In our prod env, it takes about 4 seconds to execute this sql,  it is slow for only 2 million data system.


In another car info management system, it has  0.1 billion data in carbondata.
need to fetch data by sorting the car id field and business date,  and paginate data on the web page.

Similar sql as below

Select car_id,  business_date, other_field1, other_field2, other_field3, other_field4 from carinfo order by car_info, business_date limit 10;

I done test in my local , it takes  about 30 seconds to execute the sql.

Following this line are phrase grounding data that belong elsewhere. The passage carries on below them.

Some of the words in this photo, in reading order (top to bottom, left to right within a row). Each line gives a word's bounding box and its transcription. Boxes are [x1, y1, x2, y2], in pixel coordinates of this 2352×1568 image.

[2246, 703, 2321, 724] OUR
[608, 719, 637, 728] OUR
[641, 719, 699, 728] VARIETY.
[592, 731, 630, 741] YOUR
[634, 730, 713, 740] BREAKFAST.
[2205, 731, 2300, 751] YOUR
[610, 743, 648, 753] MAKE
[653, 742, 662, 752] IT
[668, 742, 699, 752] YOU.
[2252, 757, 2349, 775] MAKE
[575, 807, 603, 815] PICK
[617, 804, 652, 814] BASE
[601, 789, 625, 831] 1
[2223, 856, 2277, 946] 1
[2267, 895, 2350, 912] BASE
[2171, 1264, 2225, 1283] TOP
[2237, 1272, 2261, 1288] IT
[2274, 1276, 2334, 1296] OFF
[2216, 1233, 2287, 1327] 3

In short, the more data, the worse performance even we just need the top 10 since it used full scan for orderby operation


Actually a few months ago, I have come up with the optimization plan for orderby+limit,
Please refer to

http://apache-carbondata-dev-mailing-list-archive.1130556.n5.nabble.com/Optimize-Order-By-Limit-Query-td9764.html#a9860 <http://apache-carbondata-dev-mailing-list-archive.1130556.n5.nabble.com/Optimize-Order-By-Limit-Query-td9764.html#a9860>
mainly, pushdown order by +limit to carbon scan, leverage  the sort column’s order stored feature to get topN sorted data in each block  

and reduce io scan. From test result, it can improve about 80% performance.

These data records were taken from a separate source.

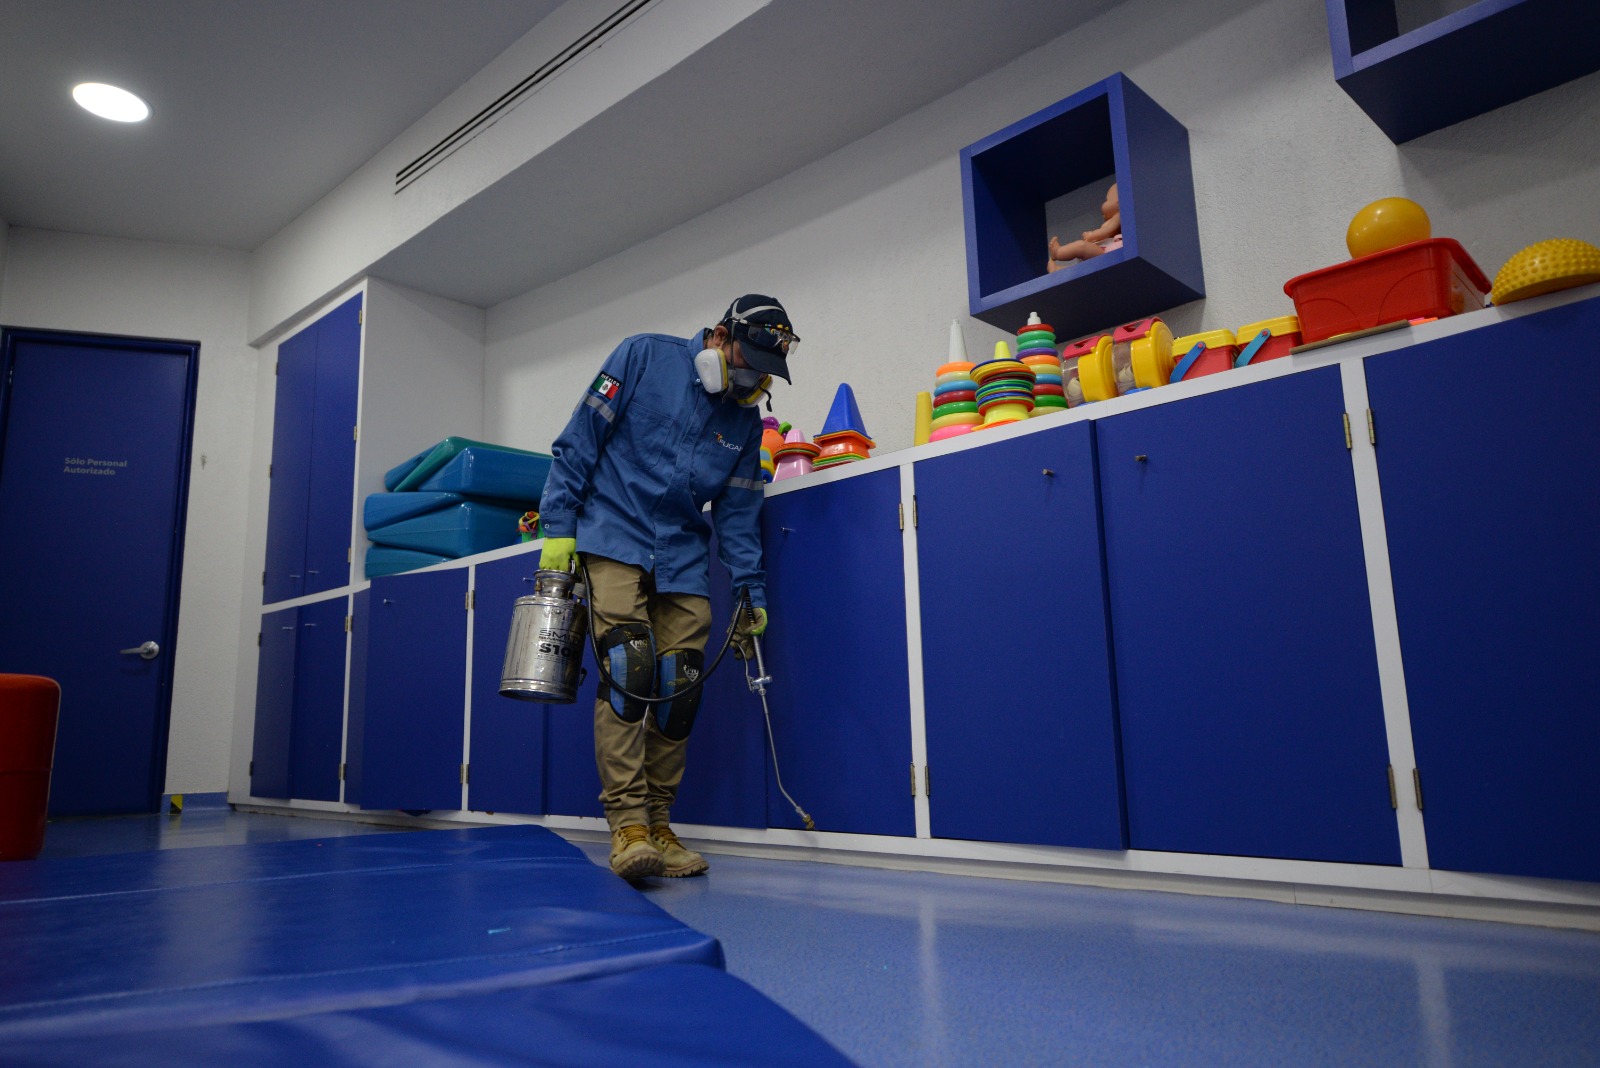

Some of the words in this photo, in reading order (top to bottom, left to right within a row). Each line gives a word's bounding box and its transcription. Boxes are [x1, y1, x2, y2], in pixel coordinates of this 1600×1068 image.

[64, 456, 86, 465] Sólo
[87, 458, 128, 468] Personal
[63, 465, 116, 476] Autorizado
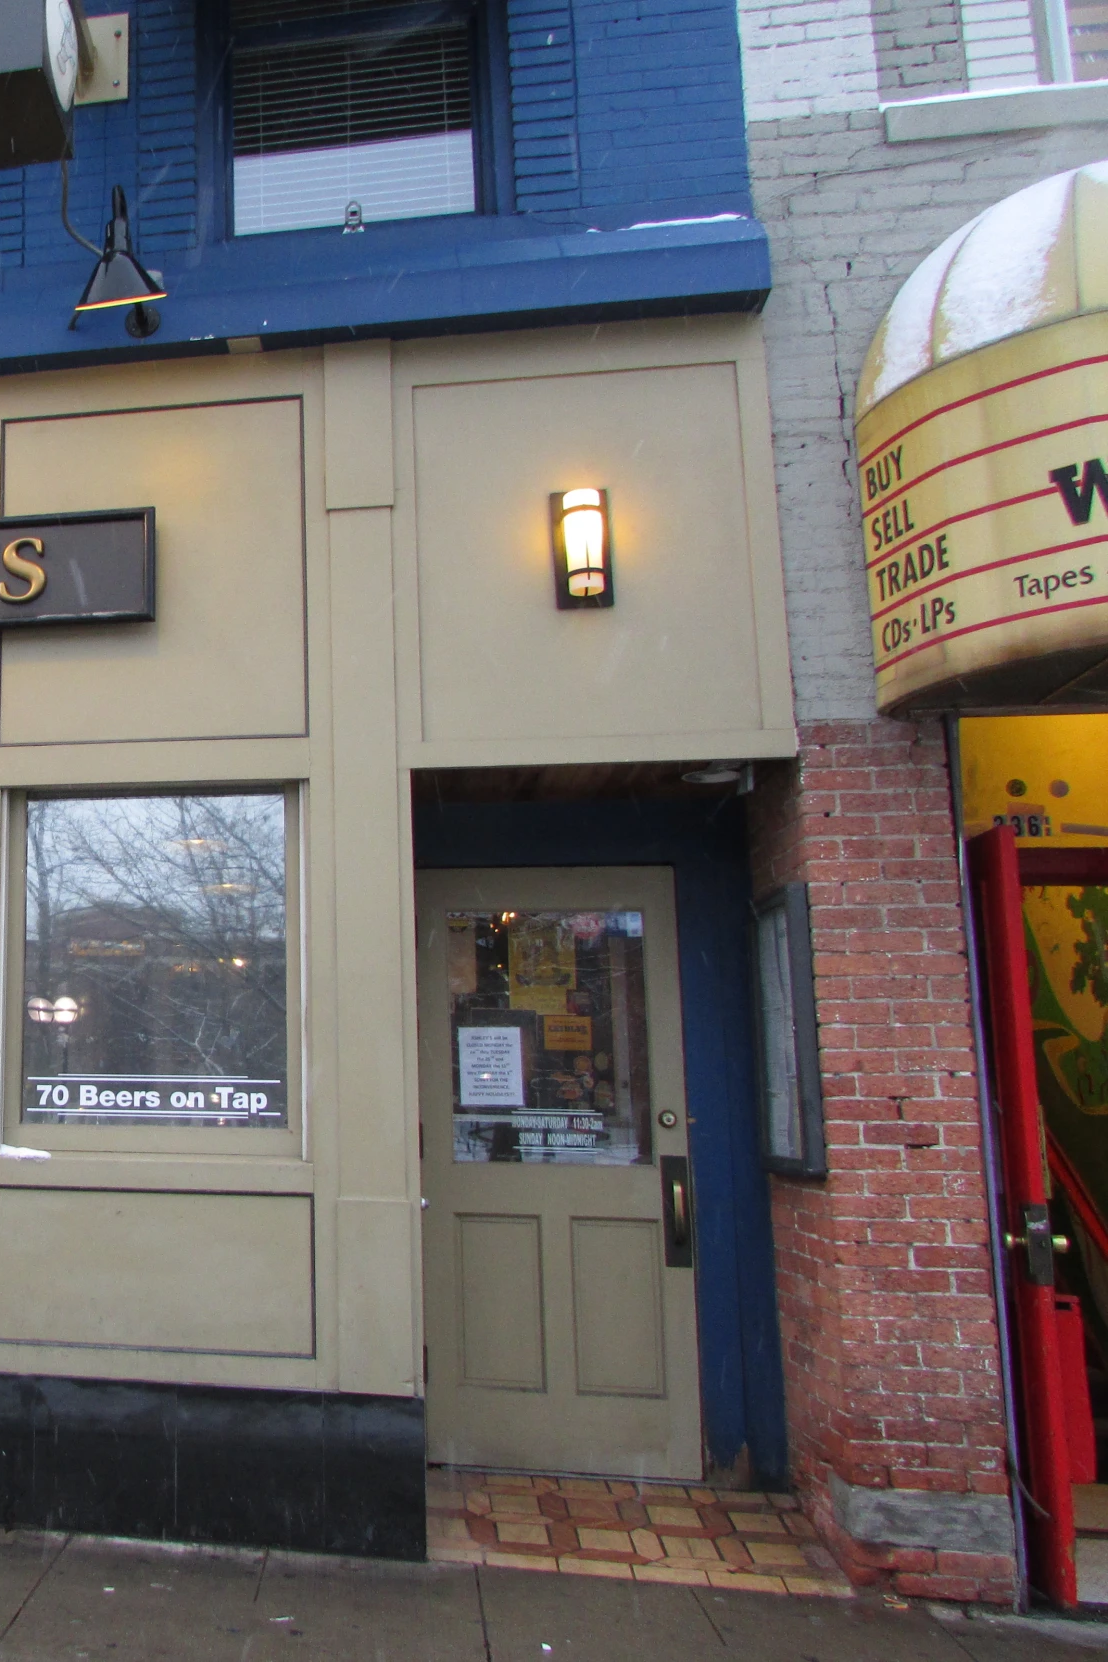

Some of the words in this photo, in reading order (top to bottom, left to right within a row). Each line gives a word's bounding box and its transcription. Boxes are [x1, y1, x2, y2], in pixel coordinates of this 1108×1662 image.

[865, 445, 904, 501] BUY
[871, 499, 916, 551] SELL
[875, 534, 950, 602] TRADE
[1013, 565, 1095, 600] Tapes
[36, 1084, 69, 1106] 70
[79, 1085, 160, 1107] Beers
[170, 1090, 204, 1108] on
[215, 1086, 268, 1114] Tap
[518, 1132, 543, 1145] SUNDAY

In previous  discussion, we have the  below conclusion.

The  optimization solution has  below limitations

1.       It cannot work for dictionary columns. As there is no guarantee that
dictionary allocation is in sorted order.

2.       It only can work when order by one dimension + limit or order by prefix columns of MDK

3.      It can’t optimize when orderby measures +limit

 
This time I think we can optimize the below cases, please give your suggestion

1.      Order by prefix columns of  sort columns if no dictionary encode + limit

2.      Order by a dimension with no dictionary encode + limit

for example  date, string type column

3.      Order by a dimension with dictionary encode if creating table with a pre-defined dictionaries + limit

4.      Order by a number field which is added to sort colums + limit

for example  int, bitint type column

 
5.      Order by dimension with dictionary encode + limit
       In this case, there is no guarantee that
dictionary allocation is in sorted order.

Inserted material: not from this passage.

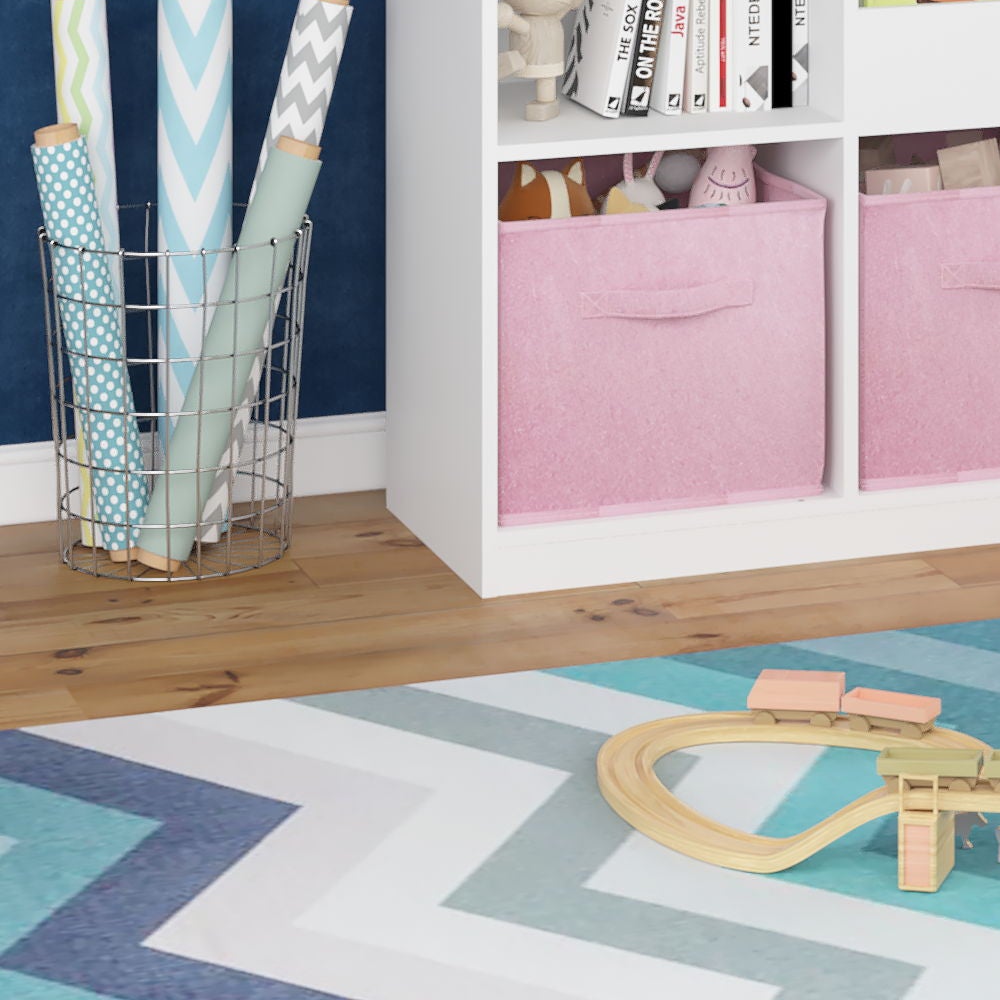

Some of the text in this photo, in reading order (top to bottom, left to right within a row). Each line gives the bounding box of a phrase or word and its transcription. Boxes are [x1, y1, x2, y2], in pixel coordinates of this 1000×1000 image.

So maybe we can calculate the dictionary’s order according to the original value’s order in memory

And get top N according to the original value’s order

For example in table t3 having a country field with dictionary encode,

Country           dictionary

Australia           6

Canada             2

China                3

Uk                    4

Usa                   5

In Blocklet 1 dict value from 2 to 3  and have 32000 data

In Blocklet 2 dict value from 3 to 5  and have 32000 data

In Blocklet 3 dict value from 6 to 6  and have 32000 data

for the below Sql, apparently we only need to process blocklet3, it can reduce process time for blocklet1 and blocklet2

Select  country , name from t3 order by country limit 100;

 
 
Thanks

 Jarck